Farinós celebrando su gol

El último choque liguero del Hércules, en este caso contra el Zaragoza, supuso la reaparición de un mito como Javier Farinós, el gran centrocampista de Alicante. El que otrora fuera jugador del Valencia, el Inter de Milan, Villareal y Mallorca cuajó un partido soberbio, a la altura de los grandes. Una larga lesión le tuvo siete meses apartado de los terrenos de juego. Su regreso en la segunda parte contra el FC Barcelona no fue el mejor posible, dos amarillas en sendas faltas provocaron su expulsión, y caminó hacia la caseta tapándose la cara con la camiseta, a pesar de la ovación que recibió.

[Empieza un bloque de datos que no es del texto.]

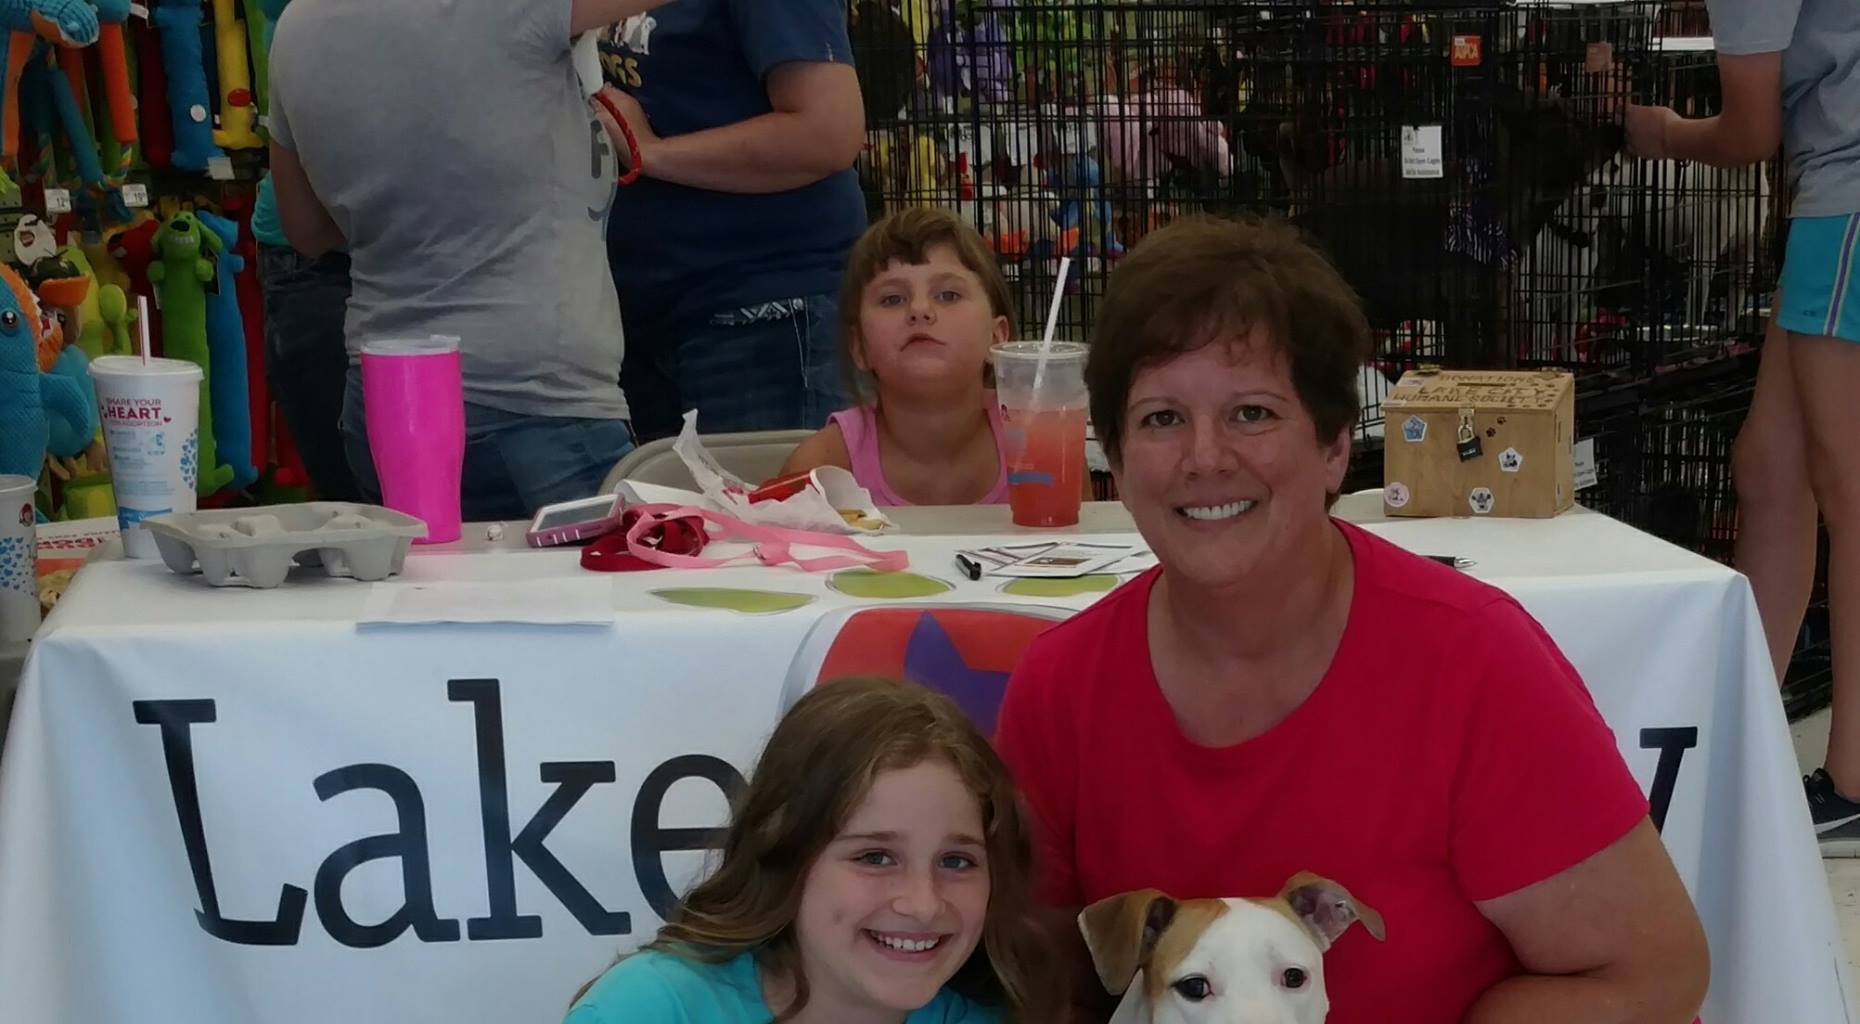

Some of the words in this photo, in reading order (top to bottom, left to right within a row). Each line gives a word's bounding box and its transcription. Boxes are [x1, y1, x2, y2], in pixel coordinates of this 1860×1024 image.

[106, 398, 131, 406] SHARE
[133, 398, 162, 406] YOUR
[107, 407, 162, 420] HEART
[132, 678, 745, 949] Lake

Pero este último domingo fue distinto. La parroquia herculana deseaba ver al Farinós auténtico, aquel que es desde hace algunas temporadas la imagen del Hércules. Ese jugador con visión panorámica que lleva la calma a la grada mediante sus toques desde el césped, dirigiendo la orquesta. En cuanto su nombre sonó en la alineación, un murmullo especial se adueñó de las gradas del Rico Pérez, la afición esperaba ansiosa. Esteban Vigo había calificado el partido como una final, y “El Fari” estuvo ahí.

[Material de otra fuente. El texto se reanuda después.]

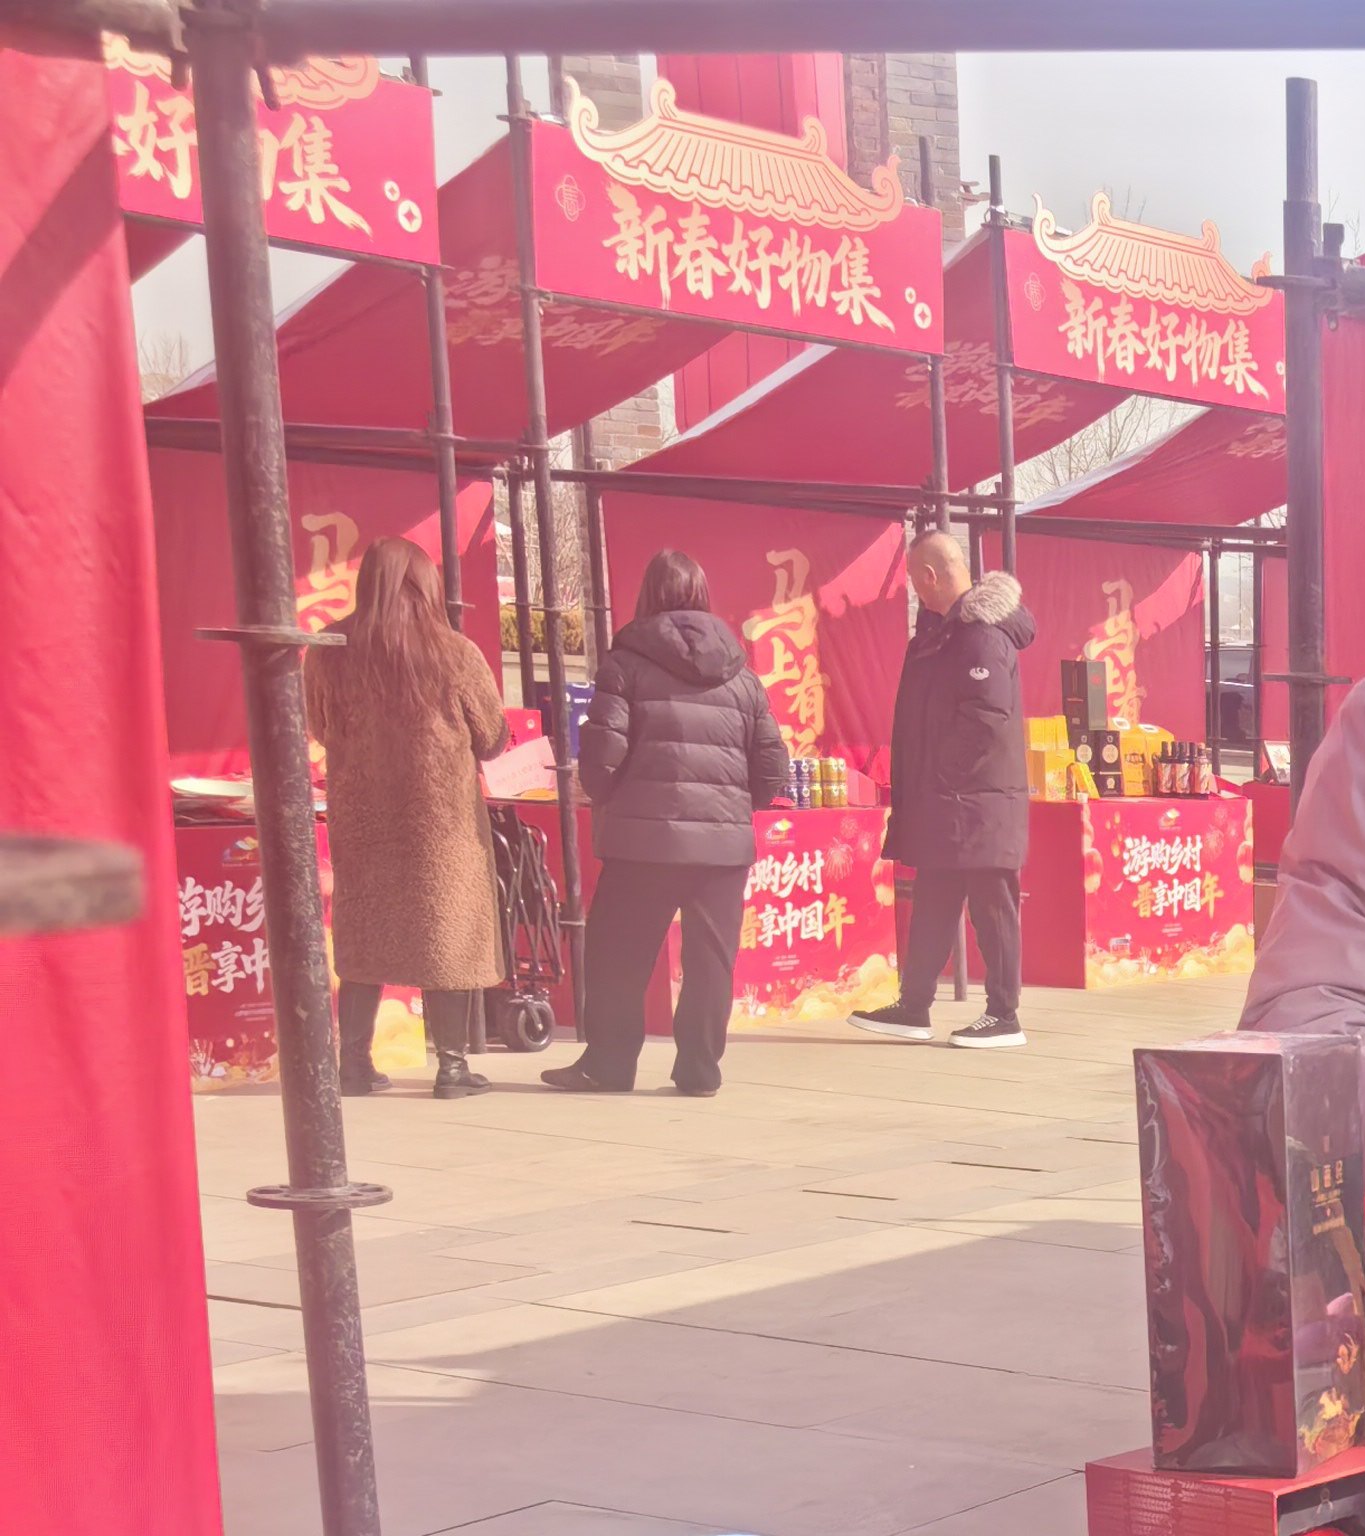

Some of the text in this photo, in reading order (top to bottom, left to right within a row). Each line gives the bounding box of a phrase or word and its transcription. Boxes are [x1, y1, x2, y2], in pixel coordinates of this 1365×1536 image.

[602, 182, 895, 333] 新春好物集
[1058, 277, 1270, 401] 新春好物集
[1122, 834, 1203, 880] 游购乡村
[1132, 871, 1225, 920] 晋享中国年

"El Fari" dirigiendo al equipo frente al Zaragoza

 Su presencia se notó desde el primer minuto. El centro del campo del Hércules comenzó a trabajar el partido desde la cordura impartida por el número 8 en la medular. Sin embargo, arriba la pólvora estaba mojada, y aún fue peor cuando en el minuto cuatro, Braulio marcó en un despiste a balón parado de la zaga alicantina. El estadio enmudeció, llegaba el momento de los grandes jugadores, tenían que aparacer si no querían hundirse en el mar de incertidumbre que era el estadio.

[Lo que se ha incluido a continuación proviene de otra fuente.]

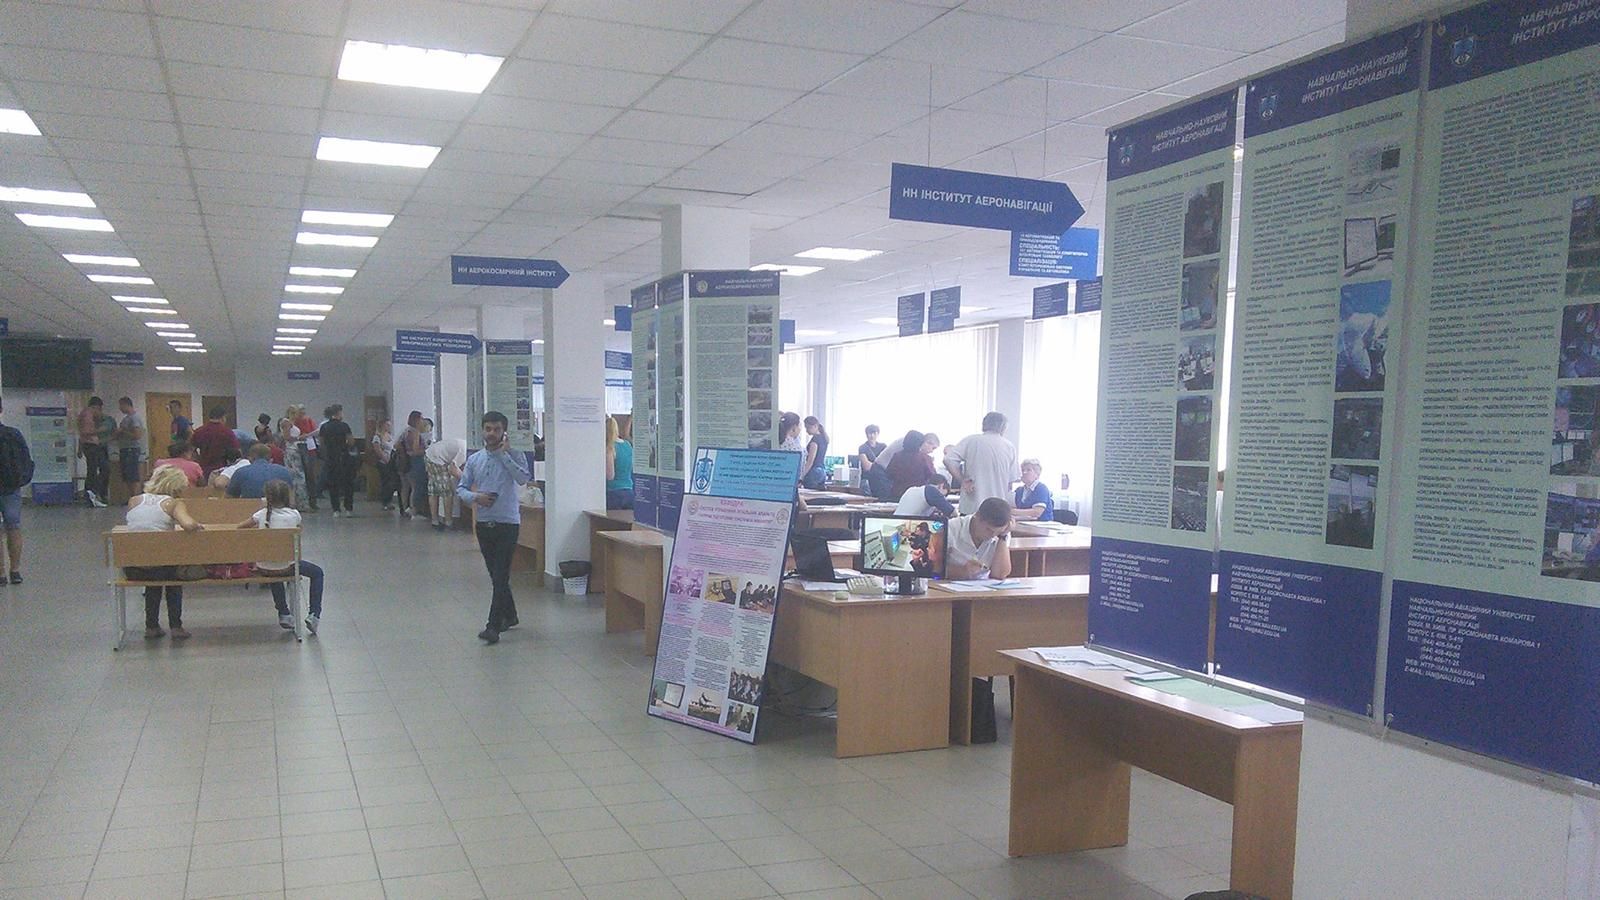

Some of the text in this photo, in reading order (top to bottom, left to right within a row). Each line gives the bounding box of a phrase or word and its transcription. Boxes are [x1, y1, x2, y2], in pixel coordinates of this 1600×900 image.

[1510, 18, 1568, 45] ІНСТИТУТ
[1308, 46, 1408, 89] НАВЧАЛЬНО-НАУКОВИЙ
[1302, 61, 1407, 104] ІНСТИТУТ АЕРОНАВІГАЦІЇ
[1152, 122, 1228, 152] ІНСТИТУТ АЕРОНАВІГАЦІЇ
[902, 188, 1053, 214] НН ІНСТИТУТ АЕРОНАВІГАЦІЇ
[470, 266, 524, 276] АЕРОКОСМІЧНИЙ
[1232, 564, 1265, 573] НАЦІОНАЛЬНИЙ
[1408, 612, 1480, 630] ІНСТИТУТ АЕРОНАВІГАЦІЇ
[1410, 597, 1536, 622] НАЦІОНАЛЬНИЙ АВІАЦІЙНИЙ УНІВЕРСИТЕТ
[1408, 628, 1430, 636] КОРПУС
[1458, 628, 1499, 641] КОСМОНАВТА
[1500, 636, 1535, 648] КОМАРОВА
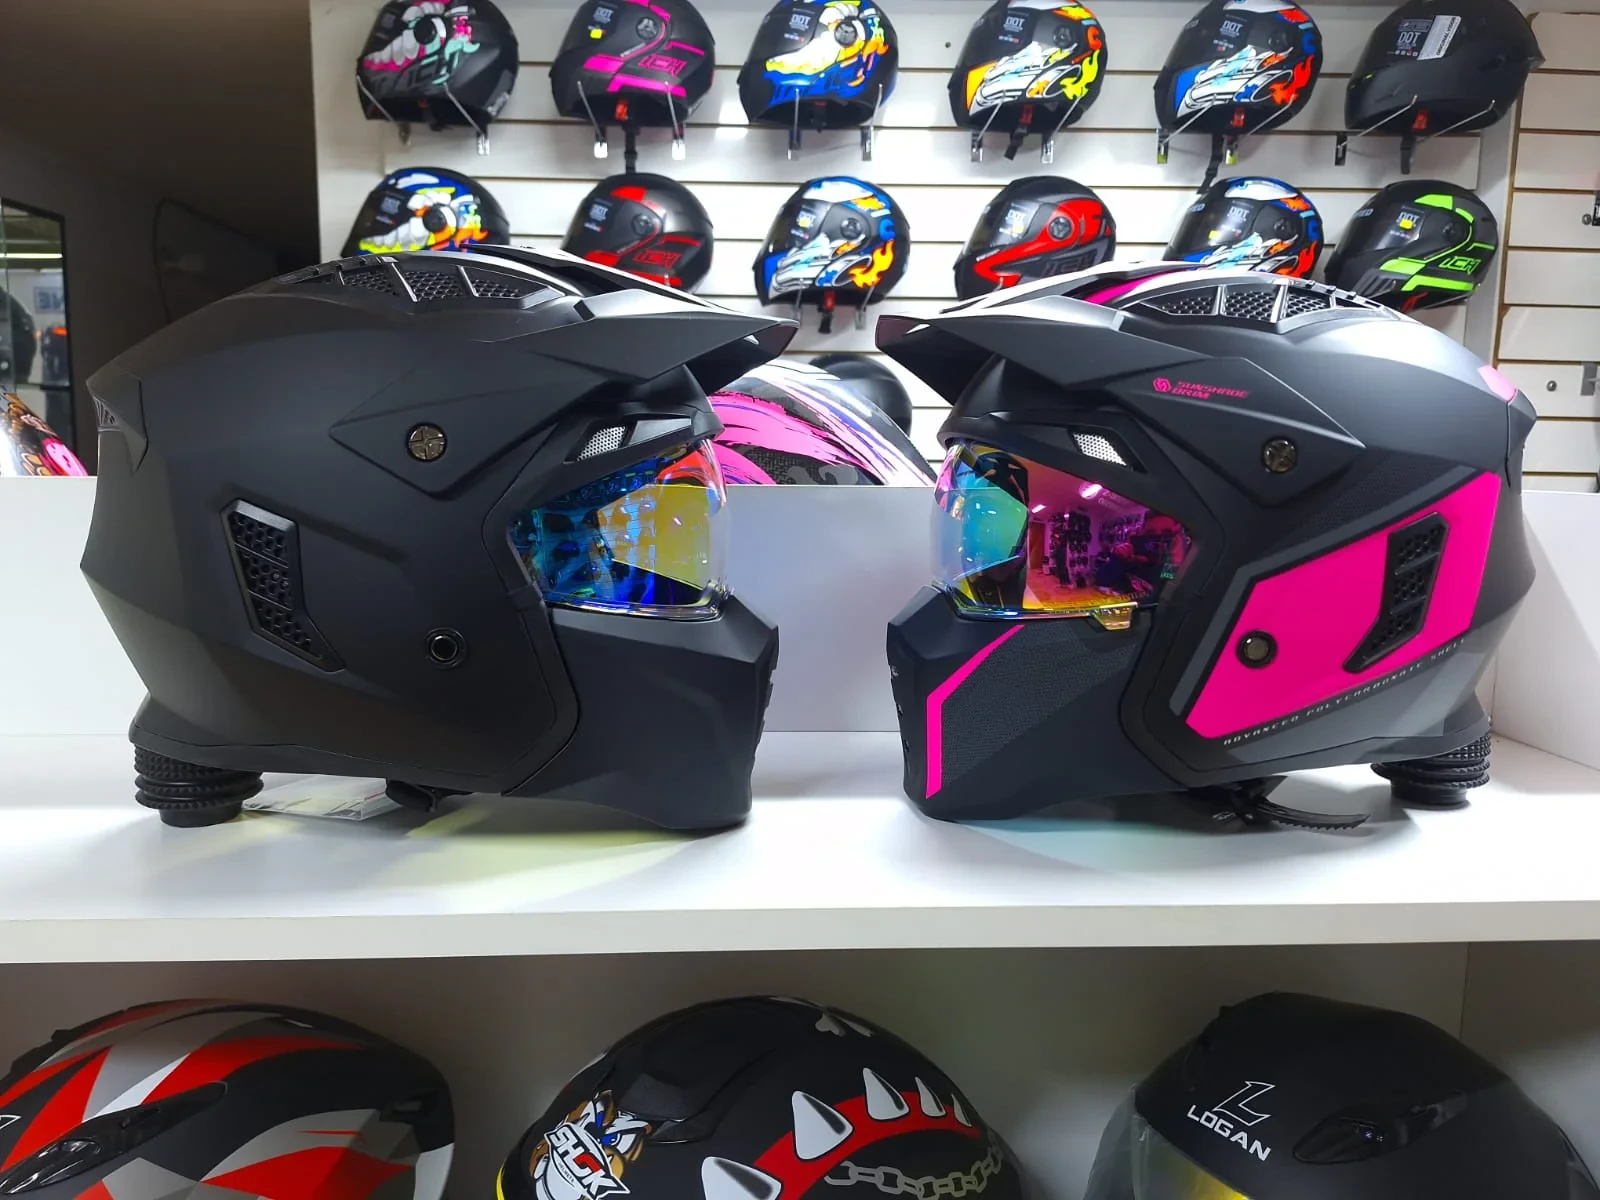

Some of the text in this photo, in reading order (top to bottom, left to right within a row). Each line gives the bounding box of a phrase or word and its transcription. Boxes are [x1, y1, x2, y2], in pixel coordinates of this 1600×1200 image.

[791, 14, 811, 25] DOT
[1005, 16, 1025, 27] DOT
[1222, 20, 1243, 32] DOT
[1398, 31, 1422, 44] DOT
[1229, 206, 1249, 219] DOT
[1223, 637, 1465, 745] ADVANCED POLYCARBONATE SHELL
[1186, 1104, 1272, 1162] LOGAN

Tote hizo lo que pudo, pero su esfuerzo no sirvió para mucho al carecer de apoyos suficientes.  Kiko tampoco estaba muy inspirado. Pero Farinós no le perdió nunca la cara al partido, sus pases seguían siendo ordenados entre tanto caos. El público empezó a impacientarse cuando su equipo trataba el balón, algunos pitos se escuchaban en la grada. La gran final se estaba perdiendo y nadie sacaba pecho frente a las circunstancias. Entonces, en el minuto 80, ocurrió lo que Farinós quiso.

Controlando en la frontal de área, a treinta metros de la red, Farinós tomó carrerilla y disparó hacia portería. El balón se elevó, describió una curva hacia fuera y se coló por toda la escuadra, lamiendo telarañas y esquivando el vuelo del portero Leo Franco,  dejando al Zaragoza noqueado hasta el pitido final. El público estalló, el estadio tembló desde sus cimientos y arrojó sobre el césped toda la rabia contenida durante los 76 minutos en los que el Hércules fue perdiendo.

Llegó el momento de la verdad, y el equipo se volcó sobre la portería del equipo maño. En el minuto 87, la visión de Farinós de nuevo hizo medio gol. Tras ver un gran desmarque de Trezeguet a la espalda de la defensa, envió el balón picado por encima. El francés controló con el pecho y fusiló al portero, para después recorrer el campo con los brazos abiertos hacia sus compañeros. Fue impresionante.

Tras el partido, las declaraciones se sucedieron. Kiko Femenía demostró que ya no es tan niño, a la pregunta de que le parecían los pitos de la grada, contestó: “”Me alegro de ellos, porque significa que ya no me ven como un niño y que me exigen como a cualquier otro compañero, como debe ser”, también apuntó que juegue como juegue siempre dará el máximo, hay que quitarse el sombrero con este chico.

Farinós declaró que “Fue un gol muy importante porque servía para empatar, pero en esos momentos no piensas en nada. Luego sí que se te vienen a la cabeza muchas cosas, te vuelves a sentir futbolista y te das cuenta de que todo el trabajo trae su fruto” De nuevo hay que quitarse el sombrero.

No se cuanto le quedará a Farinós en el Hércules, espero que algunos años más, pero lo que está claro es que cuando el pisa el campo, es el alma, la garra, el corazón del equipo. Es el que nunca deja de correr, a pesar de no ser tan espectacular como otros compañeros también levanta al público de sus asientos. Conserva siempre esa clase de centrocampista elegante, con toque, visión. Y sobretodo, es un escudo del Hércules, su bandera, su símbolo.

Cuando pase el tiempo, podré decir “yo vi jugar a Farinós, yo vi jugar al corazón blanquiazul”.